И, помедлив, отрывисто выпалил:
— Семь копеек, семь, семь, семь! Подходите, девушки, барышни, хорошенькие дамочки. Кто не слышит? Семь, семь, семь!’
Торговля имеет почти азарт карточной игры, — почти, но. лучше: здесь нет голых денег, нет животной праздности господ, перекидывающихся картонными квадратиками. Здесь есть труд, утомление, но они скрадываются поэзией ‘удачи’ и ‘неудачи’ и, наконец, действительною живописностью всевозможного народа.
‘Нахман отвернулся и, насвистывая, стал оглядывать ряд. Мужчины и женщины, все будто сбились в одну кучу, и отсюда казалось, что они ловят людей, душат их, а те откупаются. Крик стоял стройный веселый, и чувствовалось, не было такой силы, которая прекратила бы ликование торговли. Все в ряду знали, что отравилась хромая беременная девушка, брошенная своим возлюбленным, — все были знакомы с ней, знали ее несчастную жизнь, но никто не отдал ей частицу своей души’ (стр. 216).

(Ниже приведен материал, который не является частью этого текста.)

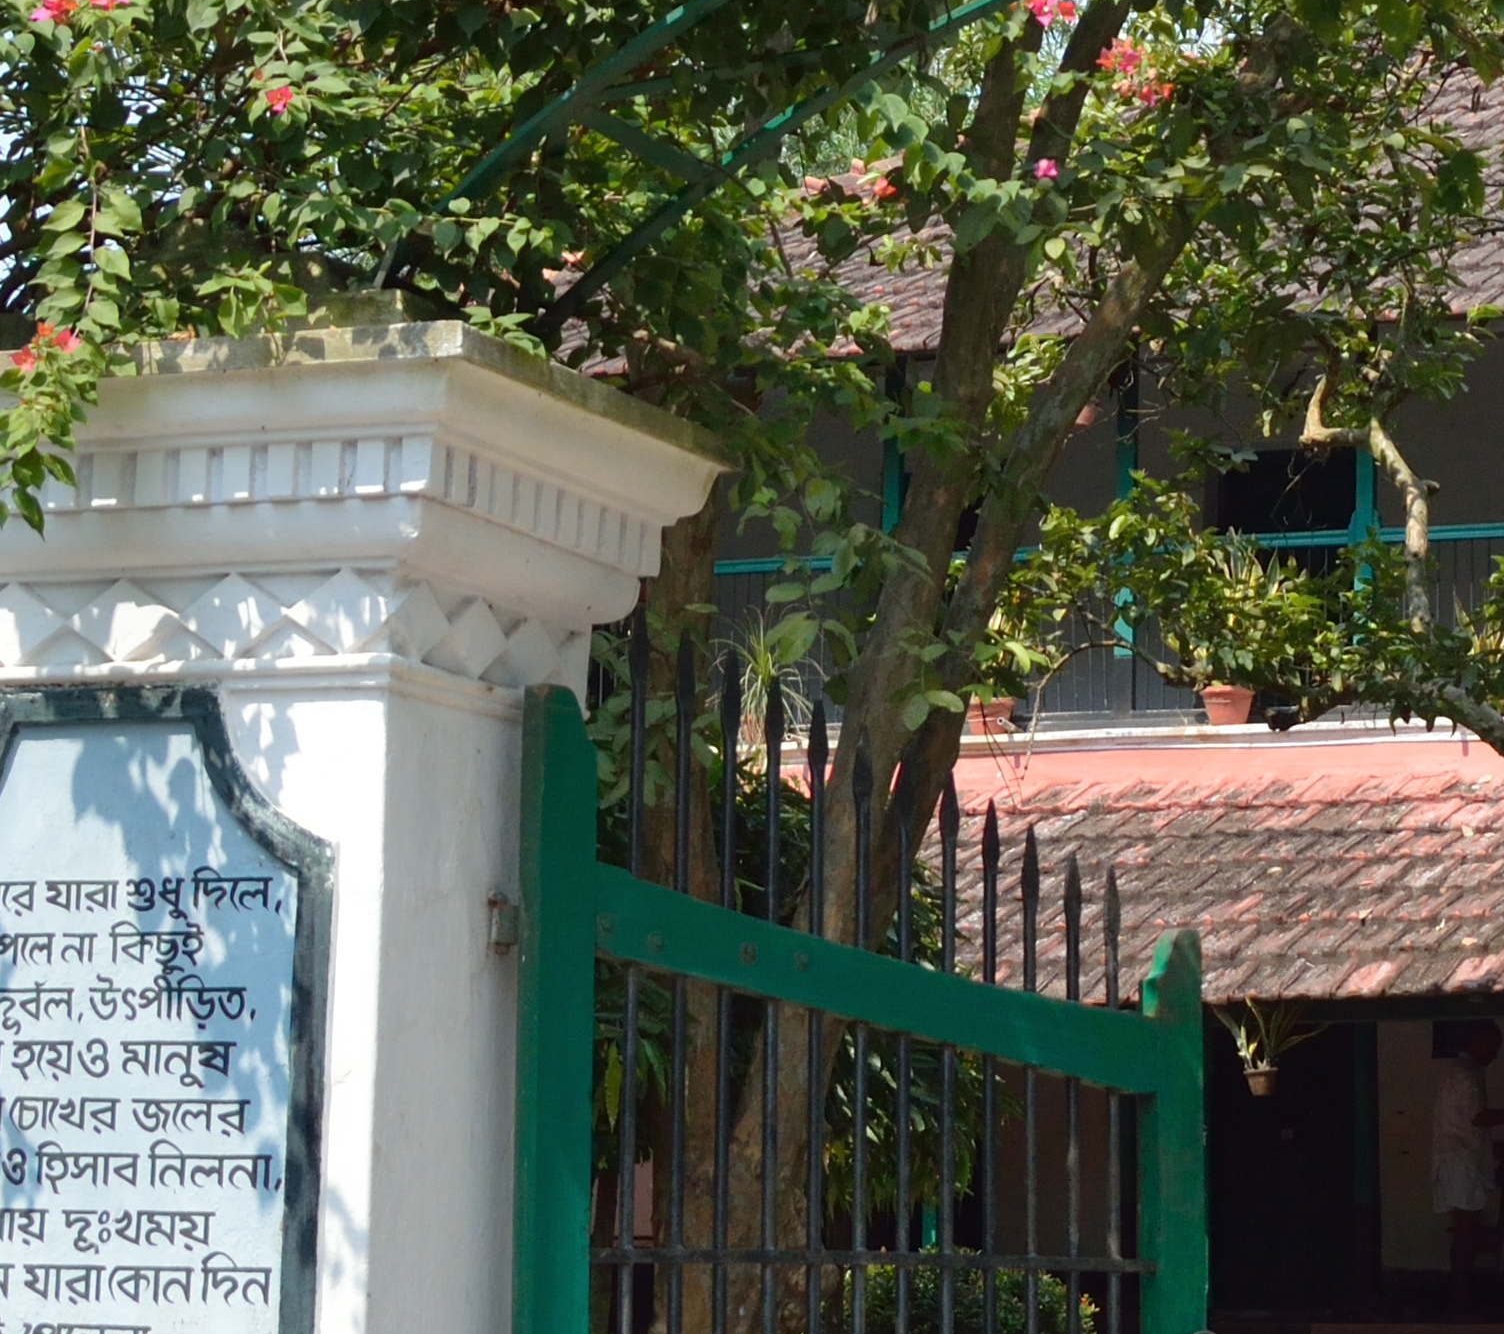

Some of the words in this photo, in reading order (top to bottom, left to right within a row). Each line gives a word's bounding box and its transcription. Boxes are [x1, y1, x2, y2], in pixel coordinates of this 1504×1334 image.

[44, 879, 120, 914] যারা
[125, 876, 189, 920] শুধু
[60, 932, 99, 965] না
[110, 921, 205, 977] কিছুই
[119, 1039, 238, 1089] মানুষ
[4, 1095, 122, 1135] চোখের
[130, 1097, 252, 1138] জলের
[33, 1139, 141, 1195] হিসাব
[22, 1263, 108, 1306] যারা
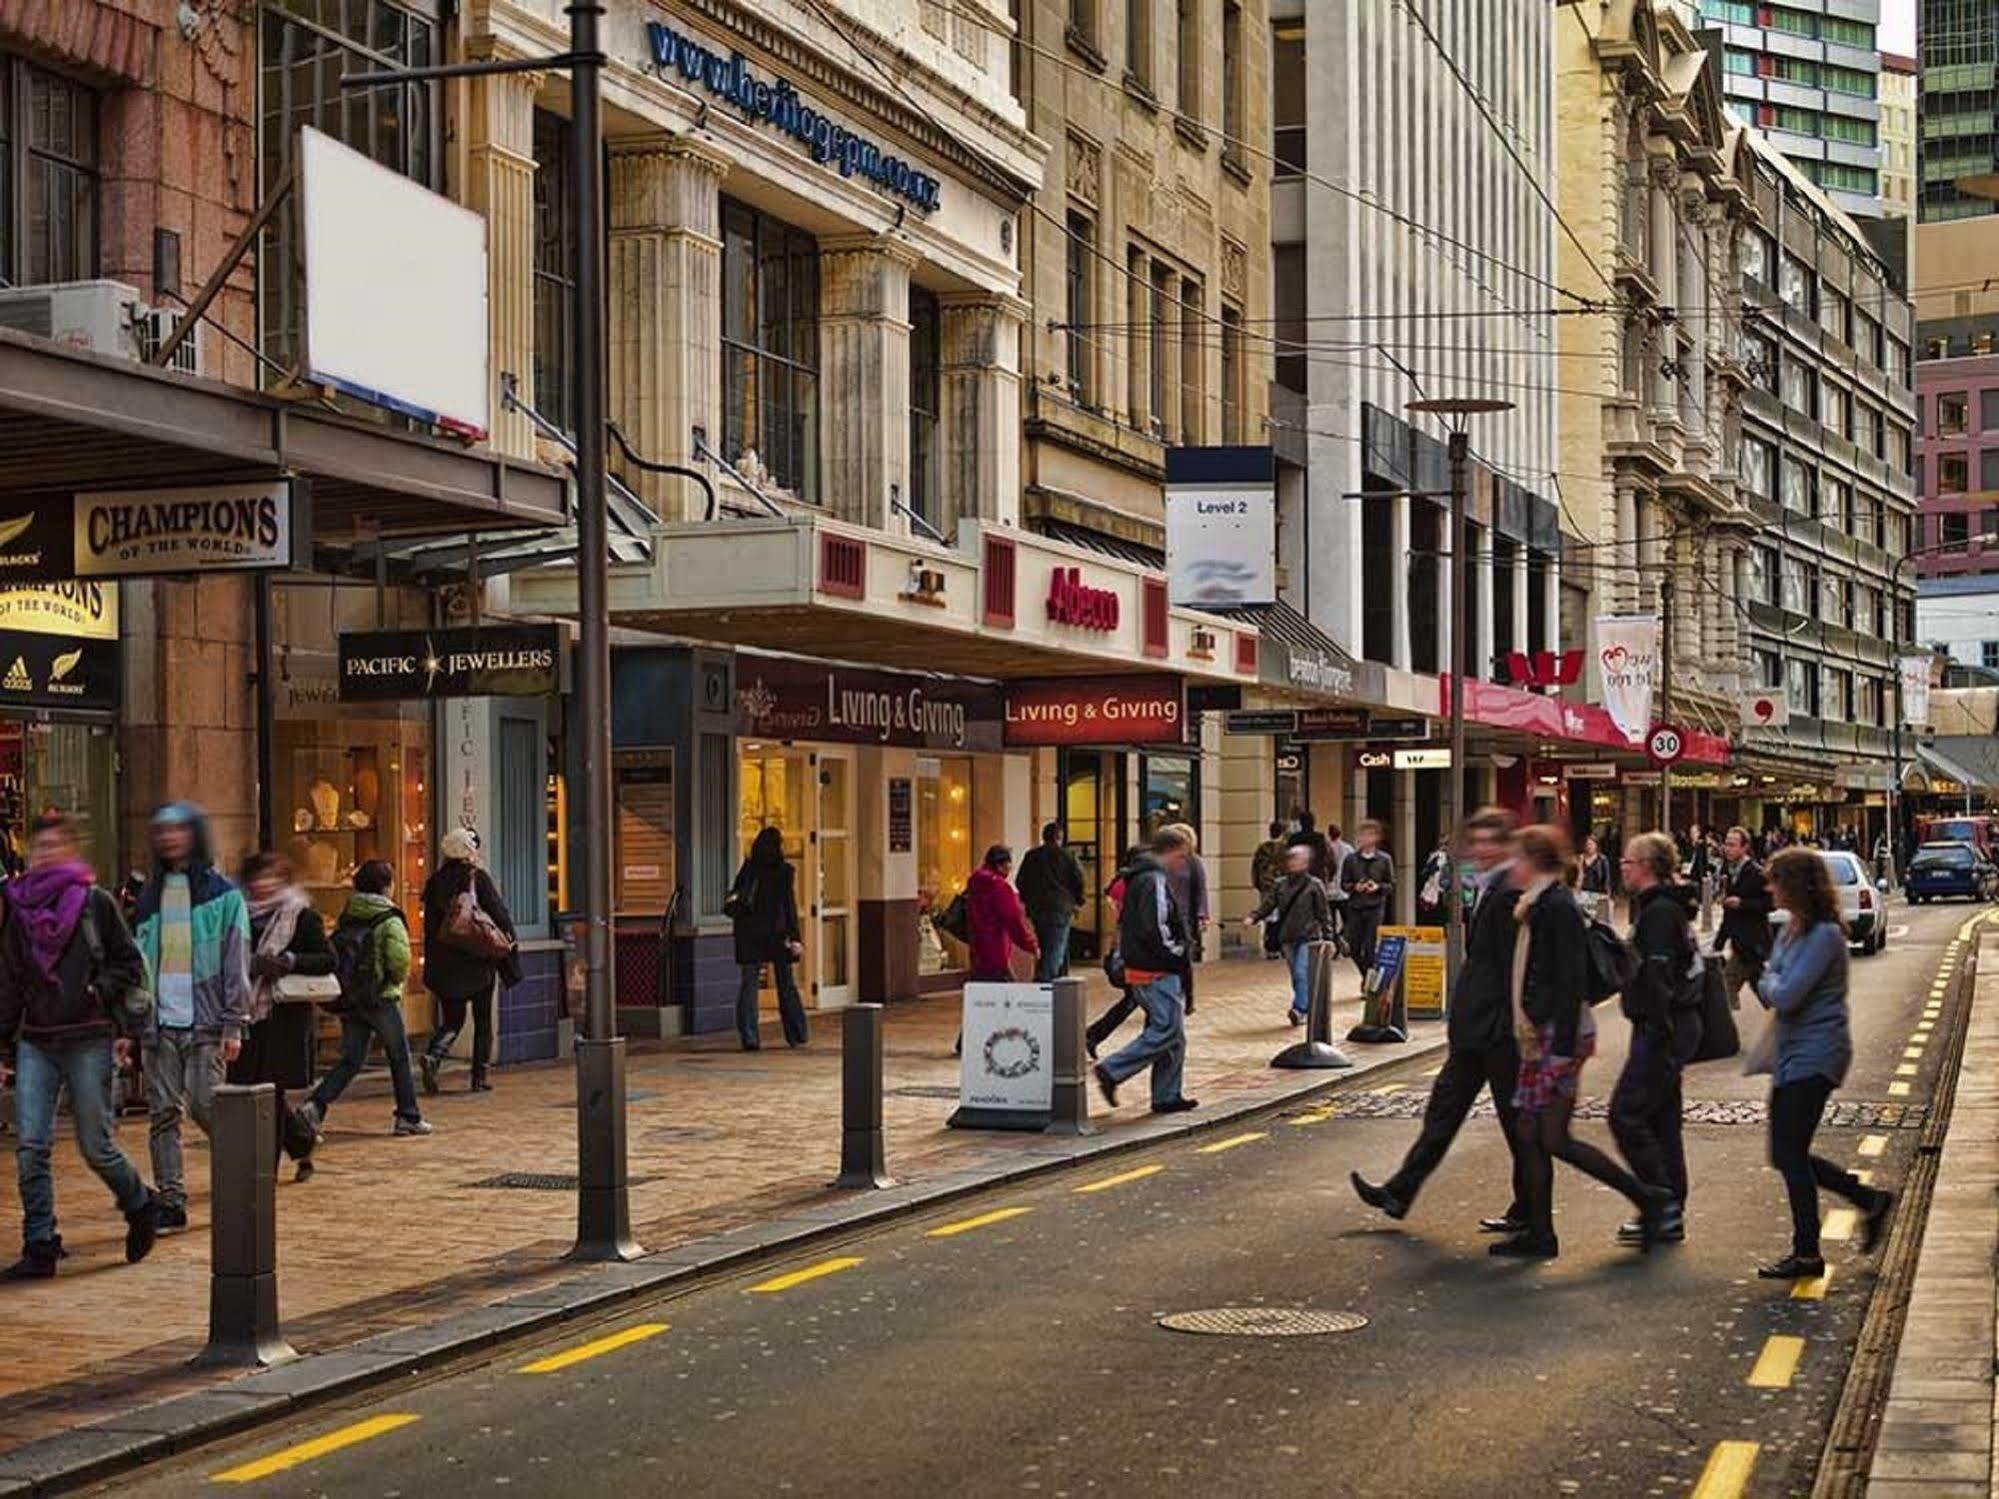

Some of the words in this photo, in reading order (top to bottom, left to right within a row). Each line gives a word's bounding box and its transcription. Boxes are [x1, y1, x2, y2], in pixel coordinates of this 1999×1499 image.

[1197, 500, 1235, 514] Level
[1238, 500, 1248, 514] 2
[88, 497, 278, 555] CHAMPIONS
[119, 547, 139, 560] OF
[150, 539, 179, 554] THE
[17, 600, 39, 612] THE
[346, 656, 416, 676] PACIFIC
[449, 649, 553, 675] JEWELLERS
[828, 674, 891, 741] Living
[894, 699, 906, 729] &
[909, 687, 966, 746] Giving
[1005, 699, 1078, 726] Living
[1084, 706, 1097, 719] &
[1102, 695, 1179, 724] Giving
[1655, 736, 1678, 752] 30
[1360, 753, 1391, 768] Cash

Ведь не всякий, даже хоть и кой-как, сможет торговать. И есть талант торговли, где она перестает быть только прокормлением, ремеслом, а становится артистическим делом, вовлекает в себя страсти души, как красноречие вызывает страсти у оратора, как тонкости юриспруденции — у юриста с ‘призванием’. И вот у евреев есть именно этот сорт таланта к торговле, вовсе не вытекающий из Плюшкинской жадности. Торговцы, не имеющие силы живо вспомнить и пожалеть отравившуюся девушку, когда успокоились и нервы у них улеглись, мигом помогли старухе, которая не в силах уплатить пошлину в 10 коп. за место.
‘Не переставая плакать, старушка рассказала: что базарный опрокинул ее корзину с лимонами и прогнал с места.
— Дети, — произнес коренастый торговец, — соберем по грошу десять копеек и заплатим за место Двойры. Я даю копейку’ (стр. 218).
Одно неудержимое впечатление было у меня при чтении, во всяком случае, полезного очерка г. Юшкевича. Все время, глядя на эту толпу евреев, я чувствовал маленькую детскую психологию. Точно маленькие зверьки, как каша ‘морских свинок’ в огромной клетке Зоологического сада. Очерк автора не прикрашивает предмета. Какое прикрашивание, когда почти все женщины и девушки собираются в проституцию, с объяснением: ‘Зима не выгонит, весна выманит: и толкает, и манит’. Но все здесь не перестают тесно жаться друг к другу. Как дан прекрасный очерк ребеночка Блюмочки, которая всех жалеет в ‘Ноевом ковчеге’, страшно боится смерти, а когда кто-нибудь умирает, забивается в пустую комнату и молится Богу ‘о здоровьи всех’. Все сбиты в кучу, и не только общим несчастием, а именно этою миниатюрною психологиею. Зверьки ведь часто благодушнее людей. Во всей толпе нет ни одного жестокого, черствого типа, нет эксплуататора, над голытьбой господствующего. Нет у них и вражды к этой Вильне, где жизнь так горька для них и отцов их. На призывы к сионизму Нахман дважды отвечает:
— Наша родина здесь.
Я и раньше слышал от русских, живших долго в Швейцарии и Берлине, что — не в целях сокрытия народности, ибо лицо еврея есть паспорт его, — а с действительным чувством родины, приезжавшие туда учиться евреи и еврейки говорили немцам и французам:
— Мы русские.
Я думаю, между русскими и евреями нет пропасти. В городе Б., где я преподавал в прогимназии, я наблюдал, до чего русские дети ни малейше не смотрели враждебно или отчужденно на евреев, и обратно. Общий смех, общие шалости, всегда полное участие в играх. Зная литературную, вообще ‘цивилизованную’ на этой почве вражду, я был поражен этим племенным, этнографическим миром, и хорошо его запомнил. Позволю себе на доброе слово Нахмана ‘здесь — наша родина’ обратить к русским слово из другого разговора его с невестою:
— В жизни, Мейта, нужно быть добрым, милосердным… Мы сами слабы, беззащитны, но нужно быть милосердным…
Право, это может приходиться, как правило, для всех народов.
Впервые опубликовано: Новое время. 1904. 16 июня. No 10161.